Capovilla, l’ultima telefonata del Papa

28 Maggio 2016

La scomparsa dell’ex segretario di Papa Giovanni XXIII, già arcivescovo di Chieti-Vasto. I funerali lunedì a Monte di Sotto

CHIETI. Papa Francesco lo ha salutato l’ultima volta al telefono lunedì della scorsa settimana facendolo felice e rendendolo sorridente. Dopo questa gioia espressa soltanto ai più stretti amici e collaboratori che lo attorniavano nella clinica del Palazzolo a Bergamo, Loris Francesco Capovilla, 100 anni, aveva quasi perso la parola, facendosi capire soltanto con lo sguardo. «Vorrei andarmene in silenzio così come sono venuto», diceva presentando il testamento orale nelle ultime settimane della sua vita, «senza battimani o clamori. La mia bara deposta nella cappella di Camaitino. Una cerimonia riservata agli amici più intimi e fedeli che mi sono stati vicini nel corso di moltissimi anni. La messa celebrata al mattino presto da preti a me familiari, compagni di viaggio di una vita. Dopo la celebrazione il viaggio verso il cimitero di Fontanella dove è sepolto David Maria Turoldo, uno dei gradi poeti che la Chiesa cattolica ha avuto. Nessuna celebrazione pubblica. Se riterranno, potranno poi fare una messa in mio suffragio ma solo dopo che le mie ossa mortali saranno poste nella nuda terra». Del resto ad alcuni ragazzi che lo conobbero a Chieti negli anni Sessanta, durante il suo mandato episcopale, e con i quali è rimasto in stretto contatto fino all’ultimo, aveva scritto di suo pugno di non andare su in occasione del funerale: sarebbe stato contento lo stesso.

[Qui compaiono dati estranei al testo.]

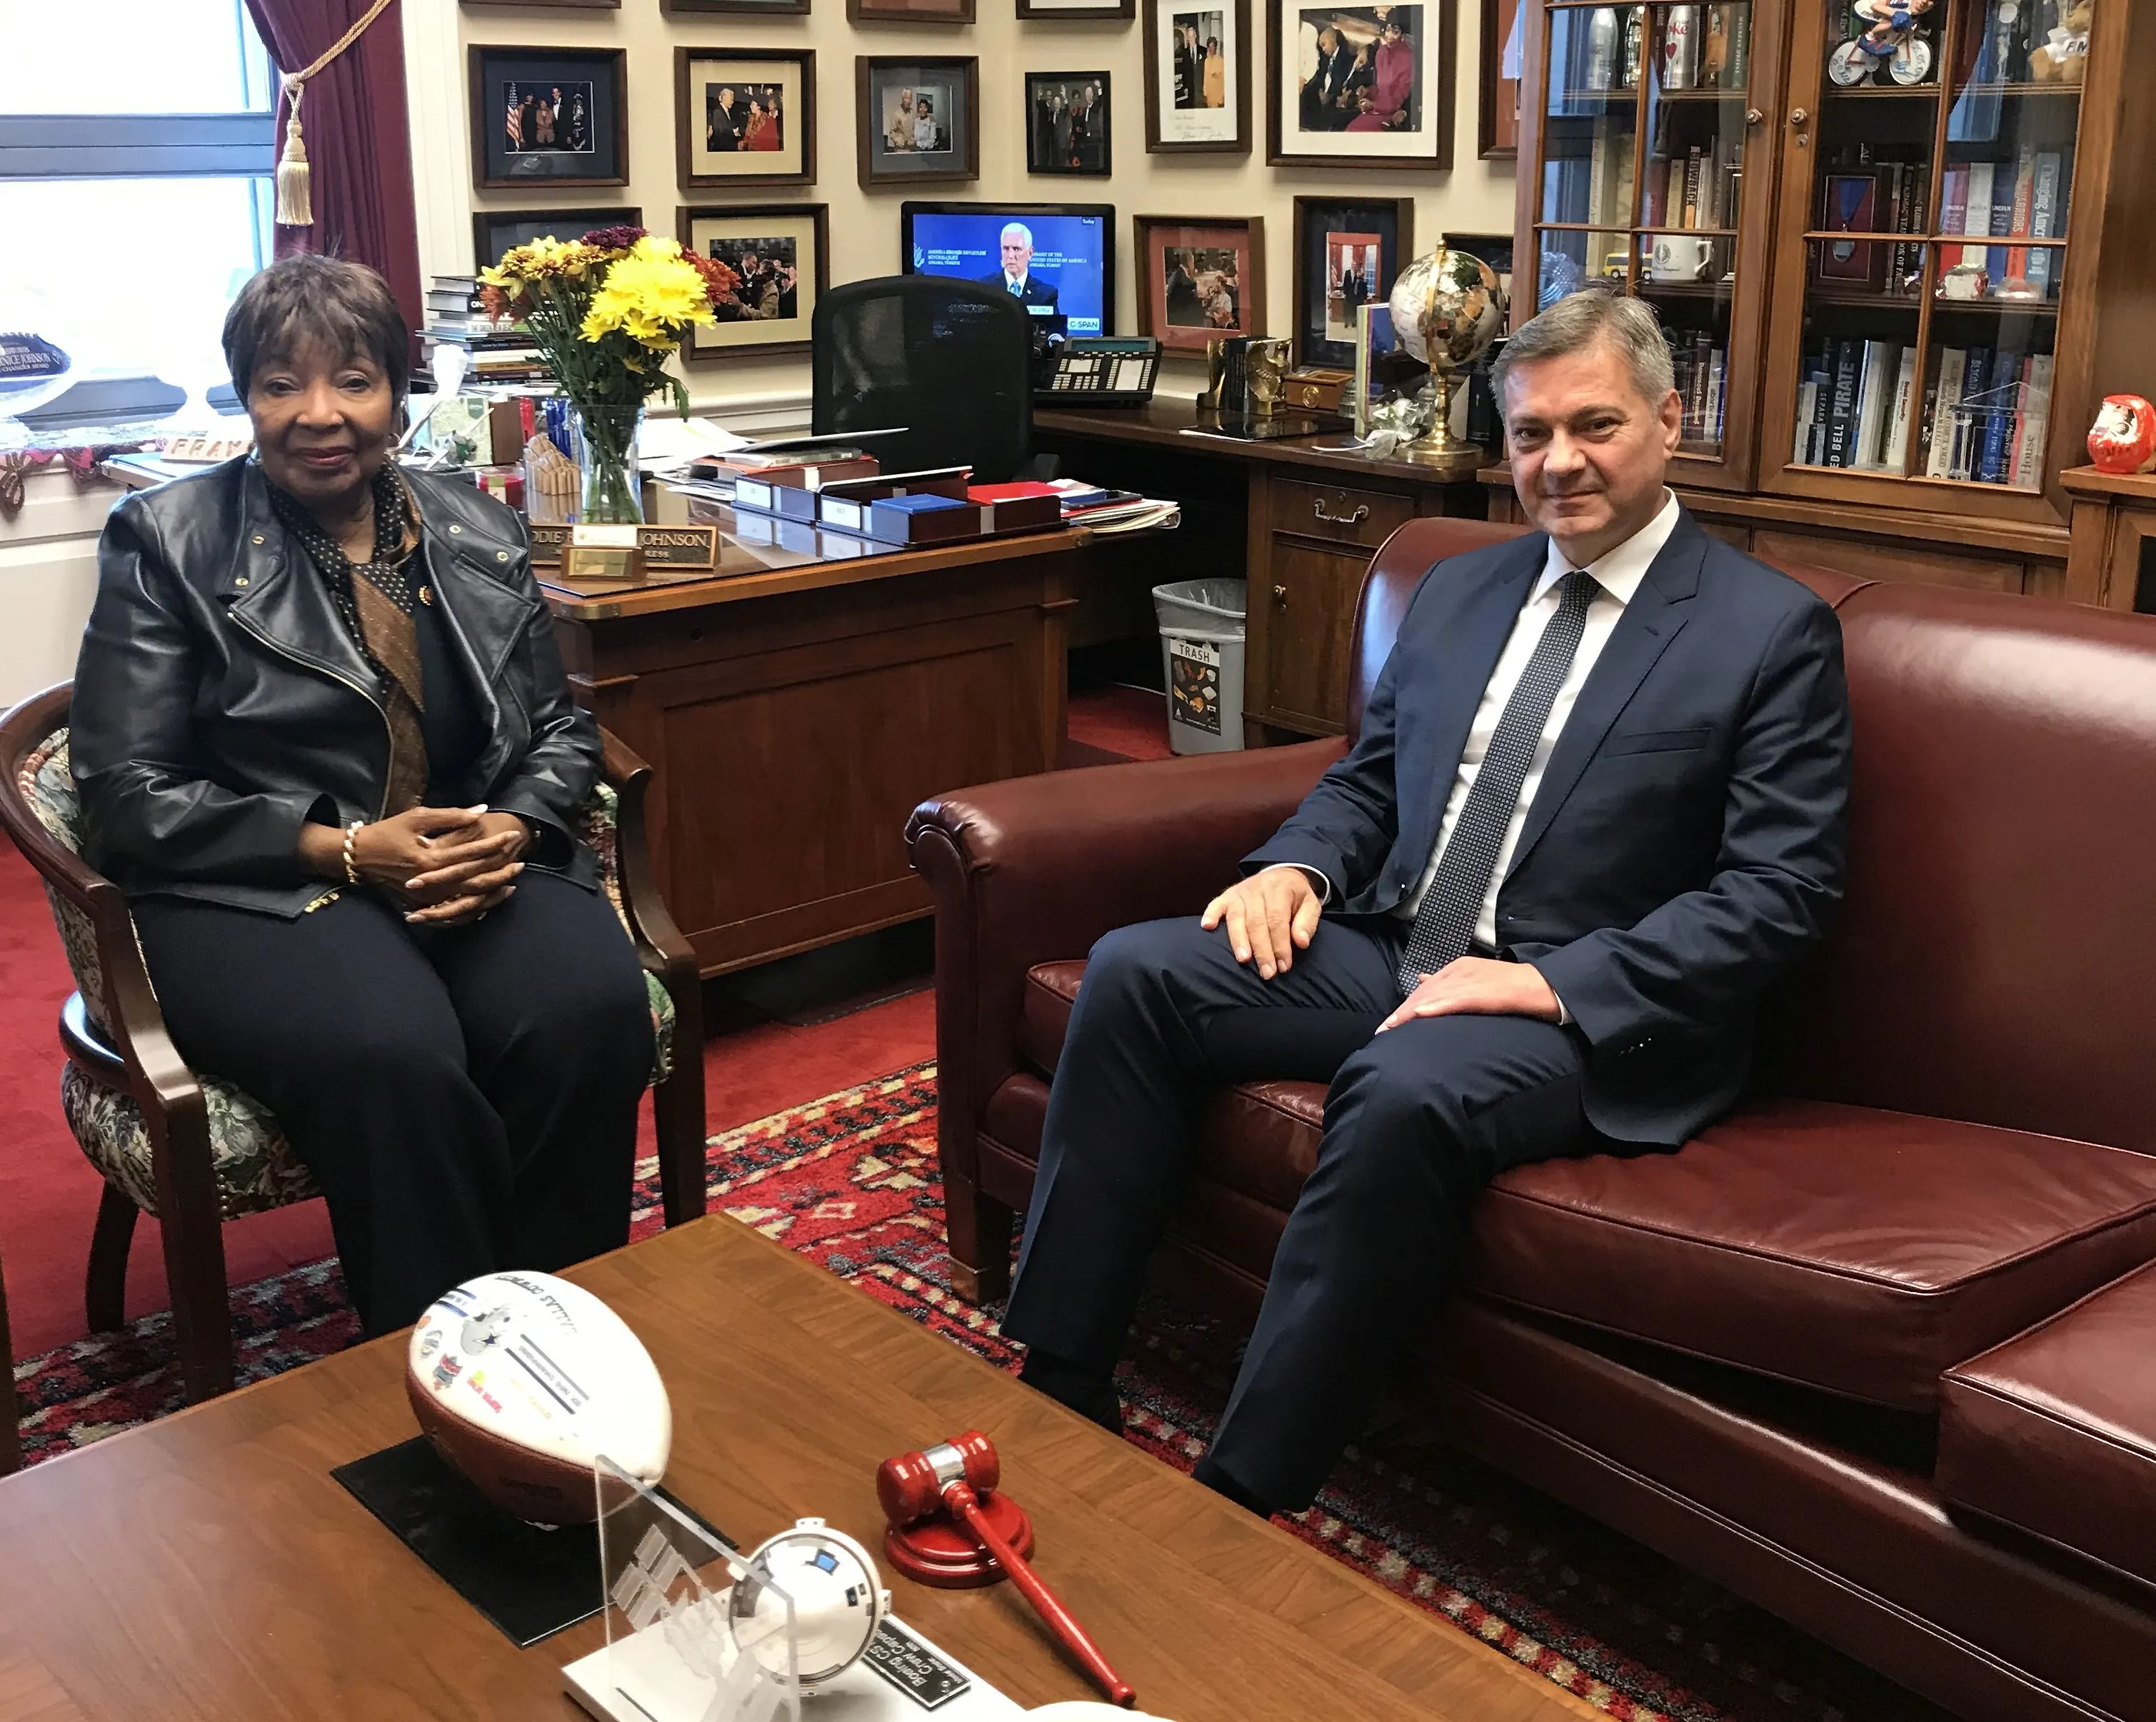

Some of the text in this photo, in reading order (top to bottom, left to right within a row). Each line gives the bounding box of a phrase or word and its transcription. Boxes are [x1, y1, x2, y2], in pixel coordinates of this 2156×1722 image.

Di Loris Capovilla, già segretario personale di Papa Giovanni XXIII, restano innumerevoli ricordi nella sua ex diocesi. «Fu la lettura del “Giornale dell’anima”, quando nel 1977 ero giovane seminarista, a spingermi a scrivere a Capovilla per chiedergli tante sue impressioni su quel testo», racconta don Emiliano Straccini, classe 1978, parroco di Fara San Martino. «Da quel momento», riprende il sacerdote, «è nata la nostra amicizia, prima epistolare e poi proseguita in tanti confronti durante le mie visite, almeno due volte l’anno, nella sua residenza nel Bergamasco. Una paternità spirituale, la sua, che avvertii vicinissima anche nel giorno della mia ordinazione presbiteriale nel 2003». Don Emiliano spiega che monsignor Capovilla nutriva uno smisurato amore per la terra d’Abruzzo di cui ricordava a menadito tanti luoghi da lui visitati nei suoi anni da arcivescovo e la “fede genuina” della nostra gente». E poi l’ammirazione per un nostro sacerdote, don Giuseppe Argentieri, da lui definito come “il don Lorenzo Milani d’Abruzzo” per il suo amore per i diseredati. Il lascito di Capovilla? Quello di avermi insegnato ad avere una coscienza critica e di educare la gente della mia parrocchia a vivere con maggiore senso di responsabilità il “loro essere laici” per la Chiesa. Grazie a lui ho imparato ad amare una Chiesa dagli orizzonti ampi, che accoglie e non rifiuta, non condanna ma tende la mano come quella indicata da papa Francesco».

I funerali di Capovilla si tengono lunedì, alle 10,30, nella Chiesa parrocchiale di Sotto il Monte, quando “l’uomo nato in silenzio, andrà via in silenzio”. Proprio come è stato in vita e come è accaduto per la sua scomparsa.